• **What you need to do**:
Once the records below have been read, copy them all out exactly.

• **Working data**:
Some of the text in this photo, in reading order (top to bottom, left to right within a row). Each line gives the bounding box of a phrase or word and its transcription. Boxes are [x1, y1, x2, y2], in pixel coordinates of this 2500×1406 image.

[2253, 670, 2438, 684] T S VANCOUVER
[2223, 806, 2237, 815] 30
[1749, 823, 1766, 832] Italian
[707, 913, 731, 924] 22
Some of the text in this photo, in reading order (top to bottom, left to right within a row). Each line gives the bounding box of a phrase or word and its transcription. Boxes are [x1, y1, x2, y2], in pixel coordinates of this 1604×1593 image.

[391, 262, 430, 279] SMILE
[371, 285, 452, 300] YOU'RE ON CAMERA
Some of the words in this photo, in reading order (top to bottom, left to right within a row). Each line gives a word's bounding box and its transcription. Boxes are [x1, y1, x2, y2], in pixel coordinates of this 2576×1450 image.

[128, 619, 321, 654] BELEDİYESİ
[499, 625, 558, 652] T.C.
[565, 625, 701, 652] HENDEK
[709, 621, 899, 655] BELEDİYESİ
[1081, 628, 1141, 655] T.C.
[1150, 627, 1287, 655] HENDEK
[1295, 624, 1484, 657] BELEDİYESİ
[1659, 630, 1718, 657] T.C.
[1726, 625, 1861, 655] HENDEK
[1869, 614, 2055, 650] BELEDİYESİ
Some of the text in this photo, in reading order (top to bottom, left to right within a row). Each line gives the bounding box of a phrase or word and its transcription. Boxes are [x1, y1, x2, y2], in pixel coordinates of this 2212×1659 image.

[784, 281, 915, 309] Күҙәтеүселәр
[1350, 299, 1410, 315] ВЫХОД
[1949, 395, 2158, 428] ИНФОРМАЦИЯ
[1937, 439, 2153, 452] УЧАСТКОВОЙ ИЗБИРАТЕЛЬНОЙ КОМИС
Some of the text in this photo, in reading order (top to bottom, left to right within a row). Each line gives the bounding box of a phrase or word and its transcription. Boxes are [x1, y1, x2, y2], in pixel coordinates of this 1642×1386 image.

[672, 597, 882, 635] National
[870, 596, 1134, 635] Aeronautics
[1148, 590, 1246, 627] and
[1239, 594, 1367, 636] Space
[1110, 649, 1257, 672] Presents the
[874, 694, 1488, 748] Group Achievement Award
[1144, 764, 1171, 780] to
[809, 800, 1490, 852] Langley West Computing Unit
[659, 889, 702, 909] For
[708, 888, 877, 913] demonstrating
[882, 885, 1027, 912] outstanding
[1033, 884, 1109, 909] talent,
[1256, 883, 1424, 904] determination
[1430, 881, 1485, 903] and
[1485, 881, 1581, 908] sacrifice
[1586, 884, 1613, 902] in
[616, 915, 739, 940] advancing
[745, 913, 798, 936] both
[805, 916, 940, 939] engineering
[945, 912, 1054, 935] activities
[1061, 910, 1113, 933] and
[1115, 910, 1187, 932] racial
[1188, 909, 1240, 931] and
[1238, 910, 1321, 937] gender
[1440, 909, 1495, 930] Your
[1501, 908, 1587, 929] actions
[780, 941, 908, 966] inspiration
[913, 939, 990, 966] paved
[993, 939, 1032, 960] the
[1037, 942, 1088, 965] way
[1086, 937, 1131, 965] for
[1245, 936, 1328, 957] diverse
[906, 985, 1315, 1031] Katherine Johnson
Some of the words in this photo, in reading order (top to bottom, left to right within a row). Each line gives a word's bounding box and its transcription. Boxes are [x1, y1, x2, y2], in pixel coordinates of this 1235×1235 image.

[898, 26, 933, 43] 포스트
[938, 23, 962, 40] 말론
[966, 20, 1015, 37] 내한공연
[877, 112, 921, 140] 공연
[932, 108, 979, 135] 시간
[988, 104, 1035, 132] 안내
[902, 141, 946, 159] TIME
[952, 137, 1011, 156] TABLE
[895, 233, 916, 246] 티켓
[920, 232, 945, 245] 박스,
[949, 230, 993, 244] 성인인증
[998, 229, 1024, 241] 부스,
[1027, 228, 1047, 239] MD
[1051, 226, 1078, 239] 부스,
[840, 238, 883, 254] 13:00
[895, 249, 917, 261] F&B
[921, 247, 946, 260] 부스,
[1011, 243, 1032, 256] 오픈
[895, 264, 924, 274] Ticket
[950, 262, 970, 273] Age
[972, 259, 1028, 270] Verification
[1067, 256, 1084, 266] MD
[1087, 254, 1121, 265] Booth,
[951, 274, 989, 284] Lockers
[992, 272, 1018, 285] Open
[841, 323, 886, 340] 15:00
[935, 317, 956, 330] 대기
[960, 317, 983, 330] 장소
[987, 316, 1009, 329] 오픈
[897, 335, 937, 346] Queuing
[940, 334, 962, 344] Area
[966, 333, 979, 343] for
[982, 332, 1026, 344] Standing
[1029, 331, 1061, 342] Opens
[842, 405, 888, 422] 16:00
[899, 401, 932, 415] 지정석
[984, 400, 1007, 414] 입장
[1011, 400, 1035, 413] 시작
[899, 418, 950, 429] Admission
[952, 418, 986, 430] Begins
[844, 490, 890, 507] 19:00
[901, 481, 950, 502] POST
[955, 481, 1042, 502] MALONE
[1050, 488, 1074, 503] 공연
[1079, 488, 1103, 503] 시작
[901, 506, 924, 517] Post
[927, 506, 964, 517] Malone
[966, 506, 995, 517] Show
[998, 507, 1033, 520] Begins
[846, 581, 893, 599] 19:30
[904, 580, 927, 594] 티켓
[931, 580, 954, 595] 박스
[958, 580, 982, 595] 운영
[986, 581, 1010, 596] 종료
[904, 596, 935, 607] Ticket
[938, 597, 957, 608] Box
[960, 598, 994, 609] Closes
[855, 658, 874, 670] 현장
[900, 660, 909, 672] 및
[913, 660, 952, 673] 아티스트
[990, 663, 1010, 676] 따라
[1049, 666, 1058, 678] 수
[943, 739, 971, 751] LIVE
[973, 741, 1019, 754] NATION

• **Answer to this problem**:
Some of the text in this photo, in reading order (top to bottom, left to right within a row). Each line gives the bounding box of a phrase or word and its transcription. Boxes are [x1, y1, x2, y2], in pixel coordinates of this 2500×1406 image.

[2253, 670, 2438, 684] T S VANCOUVER
[2223, 806, 2237, 815] 30
[1749, 823, 1766, 832] Italian
[707, 913, 731, 924] 22
Some of the text in this photo, in reading order (top to bottom, left to right within a row). Each line gives the bounding box of a phrase or word and its transcription. Boxes are [x1, y1, x2, y2], in pixel coordinates of this 1604×1593 image.

[391, 262, 430, 279] SMILE
[371, 285, 452, 300] YOU'RE ON CAMERA
Some of the words in this photo, in reading order (top to bottom, left to right within a row). Each line gives a word's bounding box and its transcription. Boxes are [x1, y1, x2, y2], in pixel coordinates of this 2576×1450 image.

[128, 619, 321, 654] BELEDİYESİ
[499, 625, 558, 652] T.C.
[565, 625, 701, 652] HENDEK
[709, 621, 899, 655] BELEDİYESİ
[1081, 628, 1141, 655] T.C.
[1150, 627, 1287, 655] HENDEK
[1295, 624, 1484, 657] BELEDİYESİ
[1659, 630, 1718, 657] T.C.
[1726, 625, 1861, 655] HENDEK
[1869, 614, 2055, 650] BELEDİYESİ
Some of the text in this photo, in reading order (top to bottom, left to right within a row). Each line gives the bounding box of a phrase or word and its transcription. Boxes are [x1, y1, x2, y2], in pixel coordinates of this 2212×1659 image.

[784, 281, 915, 309] Күҙәтеүселәр
[1350, 299, 1410, 315] ВЫХОД
[1949, 395, 2158, 428] ИНФОРМАЦИЯ
[1937, 439, 2153, 452] УЧАСТКОВОЙ ИЗБИРАТЕЛЬНОЙ КОМИС
Some of the text in this photo, in reading order (top to bottom, left to right within a row). Each line gives the bounding box of a phrase or word and its transcription. Boxes are [x1, y1, x2, y2], in pixel coordinates of this 1642×1386 image.

[672, 597, 882, 635] National
[870, 596, 1134, 635] Aeronautics
[1148, 590, 1246, 627] and
[1239, 594, 1367, 636] Space
[1110, 649, 1257, 672] Presents the
[874, 694, 1488, 748] Group Achievement Award
[1144, 764, 1171, 780] to
[809, 800, 1490, 852] Langley West Computing Unit
[659, 889, 702, 909] For
[708, 888, 877, 913] demonstrating
[882, 885, 1027, 912] outstanding
[1033, 884, 1109, 909] talent,
[1256, 883, 1424, 904] determination
[1430, 881, 1485, 903] and
[1485, 881, 1581, 908] sacrifice
[1586, 884, 1613, 902] in
[616, 915, 739, 940] advancing
[745, 913, 798, 936] both
[805, 916, 940, 939] engineering
[945, 912, 1054, 935] activities
[1061, 910, 1113, 933] and
[1115, 910, 1187, 932] racial
[1188, 909, 1240, 931] and
[1238, 910, 1321, 937] gender
[1440, 909, 1495, 930] Your
[1501, 908, 1587, 929] actions
[780, 941, 908, 966] inspiration
[913, 939, 990, 966] paved
[993, 939, 1032, 960] the
[1037, 942, 1088, 965] way
[1086, 937, 1131, 965] for
[1245, 936, 1328, 957] diverse
[906, 985, 1315, 1031] Katherine Johnson
Some of the words in this photo, in reading order (top to bottom, left to right within a row). Each line gives a word's bounding box and its transcription. Boxes are [x1, y1, x2, y2], in pixel coordinates of this 1235×1235 image.

[898, 26, 933, 43] 포스트
[938, 23, 962, 40] 말론
[966, 20, 1015, 37] 내한공연
[877, 112, 921, 140] 공연
[932, 108, 979, 135] 시간
[988, 104, 1035, 132] 안내
[902, 141, 946, 159] TIME
[952, 137, 1011, 156] TABLE
[895, 233, 916, 246] 티켓
[920, 232, 945, 245] 박스,
[949, 230, 993, 244] 성인인증
[998, 229, 1024, 241] 부스,
[1027, 228, 1047, 239] MD
[1051, 226, 1078, 239] 부스,
[840, 238, 883, 254] 13:00
[895, 249, 917, 261] F&B
[921, 247, 946, 260] 부스,
[1011, 243, 1032, 256] 오픈
[895, 264, 924, 274] Ticket
[950, 262, 970, 273] Age
[972, 259, 1028, 270] Verification
[1067, 256, 1084, 266] MD
[1087, 254, 1121, 265] Booth,
[951, 274, 989, 284] Lockers
[992, 272, 1018, 285] Open
[841, 323, 886, 340] 15:00
[935, 317, 956, 330] 대기
[960, 317, 983, 330] 장소
[987, 316, 1009, 329] 오픈
[897, 335, 937, 346] Queuing
[940, 334, 962, 344] Area
[966, 333, 979, 343] for
[982, 332, 1026, 344] Standing
[1029, 331, 1061, 342] Opens
[842, 405, 888, 422] 16:00
[899, 401, 932, 415] 지정석
[984, 400, 1007, 414] 입장
[1011, 400, 1035, 413] 시작
[899, 418, 950, 429] Admission
[952, 418, 986, 430] Begins
[844, 490, 890, 507] 19:00
[901, 481, 950, 502] POST
[955, 481, 1042, 502] MALONE
[1050, 488, 1074, 503] 공연
[1079, 488, 1103, 503] 시작
[901, 506, 924, 517] Post
[927, 506, 964, 517] Malone
[966, 506, 995, 517] Show
[998, 507, 1033, 520] Begins
[846, 581, 893, 599] 19:30
[904, 580, 927, 594] 티켓
[931, 580, 954, 595] 박스
[958, 580, 982, 595] 운영
[986, 581, 1010, 596] 종료
[904, 596, 935, 607] Ticket
[938, 597, 957, 608] Box
[960, 598, 994, 609] Closes
[855, 658, 874, 670] 현장
[900, 660, 909, 672] 및
[913, 660, 952, 673] 아티스트
[990, 663, 1010, 676] 따라
[1049, 666, 1058, 678] 수
[943, 739, 971, 751] LIVE
[973, 741, 1019, 754] NATION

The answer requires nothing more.